Using Optum's de-identified Clinformatics Data Mart Database, we conducted a cross-sectional study of 93,767 American women who were pregnant with singletons between January 1, 2015 and June 30, 2021, to (1) determine the prevalence of clinically diagnosed sleep disorders and breathing abnormalities; (2) examine their associations with maternal health outcomes; and (3) examine their associations with birth outcomes. Sleep disorders and breathing abnormalities were defined on the basis of International Classification of Diseases (ICD)-9 or -10 codes. Maternal and birth outcomes were defined on the basis of ICD-10 codes. Multivariable binary and multinomial logistic regression models were used to examine associations, adjusting for demographic and insurance-related factors, with additional adjustment for the infant's sex and pregnancy complications in birth outcome models.
The prevalence of clinically diagnosed sleep disorders and breathing abnormalities was 3.41%. These sleep conditions were significantly associated with increased odds (aORs: 1.25–3.37) of cesarean deliveries, gestational diabetes, gestational hypertension, preeclampsia, postpartum depression, stillbirths, newborn size by gestational age, birthweight, and gestation period among women with a singleton pregnancy.

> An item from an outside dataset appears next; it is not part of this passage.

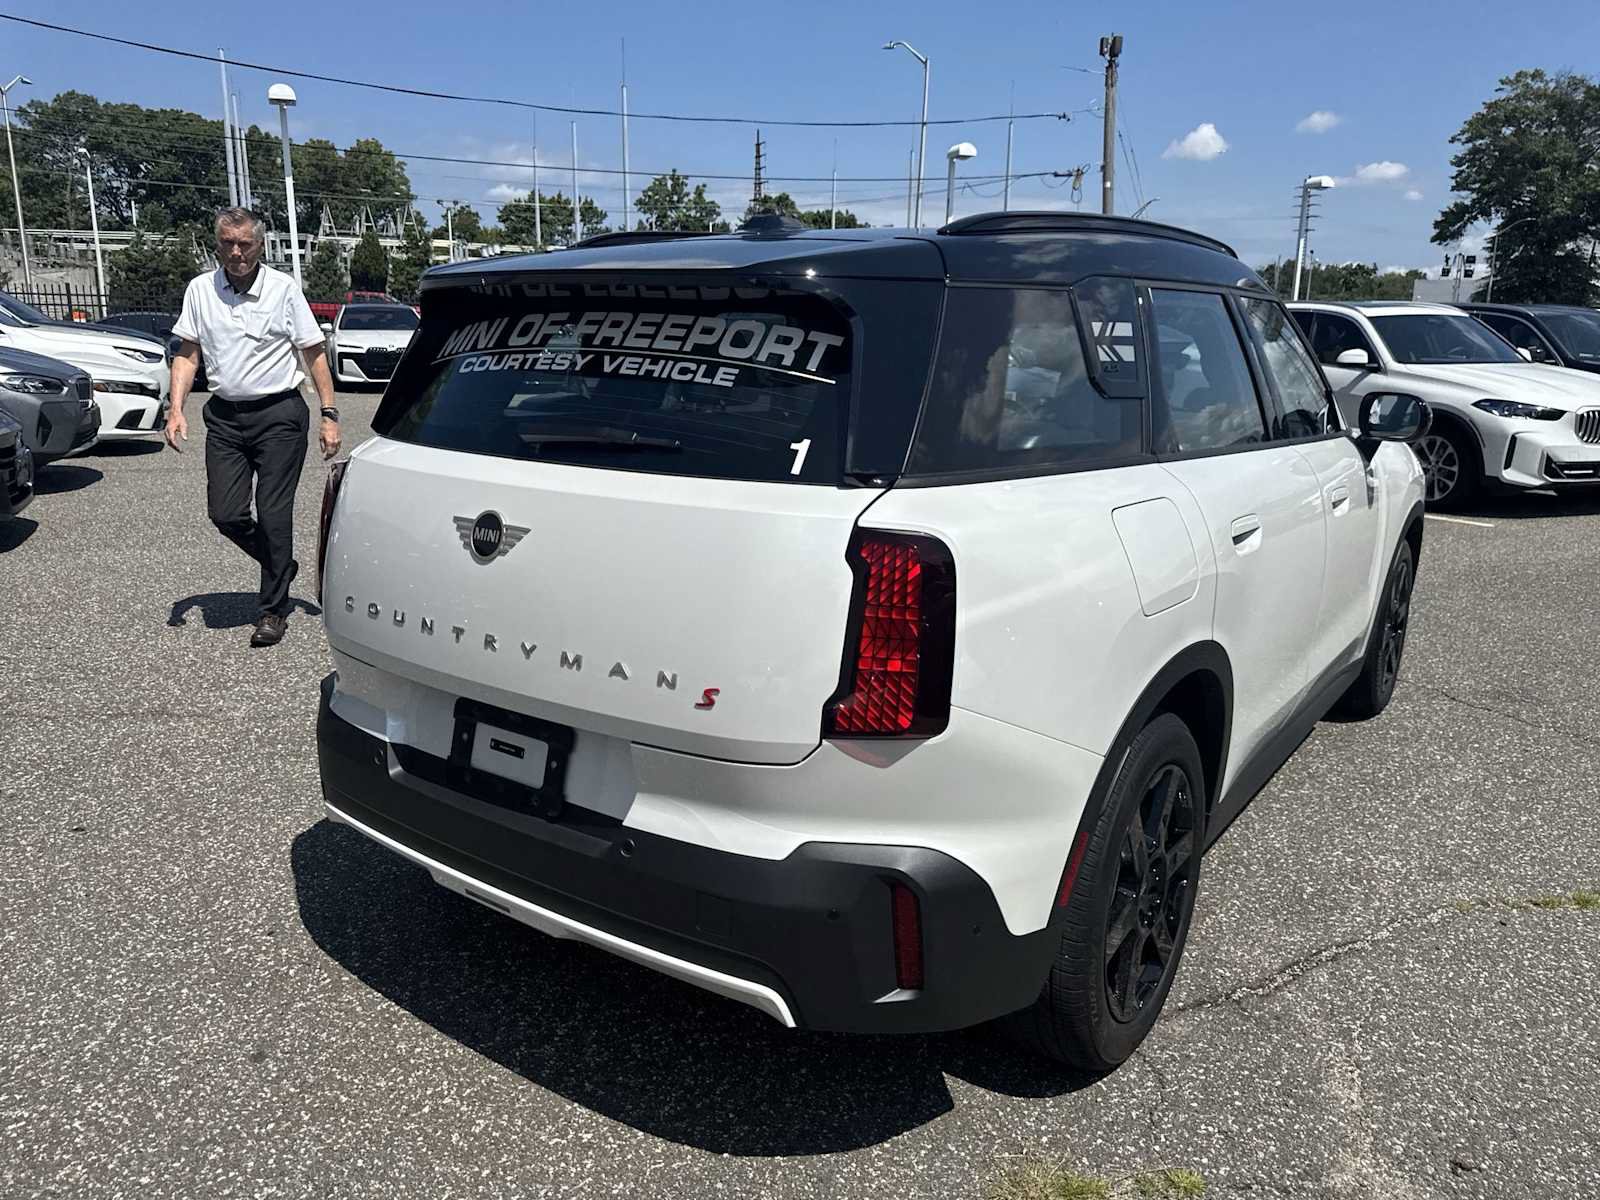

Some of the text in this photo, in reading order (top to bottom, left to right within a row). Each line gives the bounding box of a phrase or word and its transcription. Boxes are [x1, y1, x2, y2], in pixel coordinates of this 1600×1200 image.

Our findings are consistent with previous research, but the lower prevalence of clinical diagnoses, compared to self-reported rates, suggests underdiagnosis in clinical settings. This highlights the need for routine sleep screenings during prenatal care to support early detection and management. Key limitations include limited direct information on SES and restriction to an insured population. Future studies should explore these associations in more diverse and publicly insured populations to guide equitable screening and intervention strategies.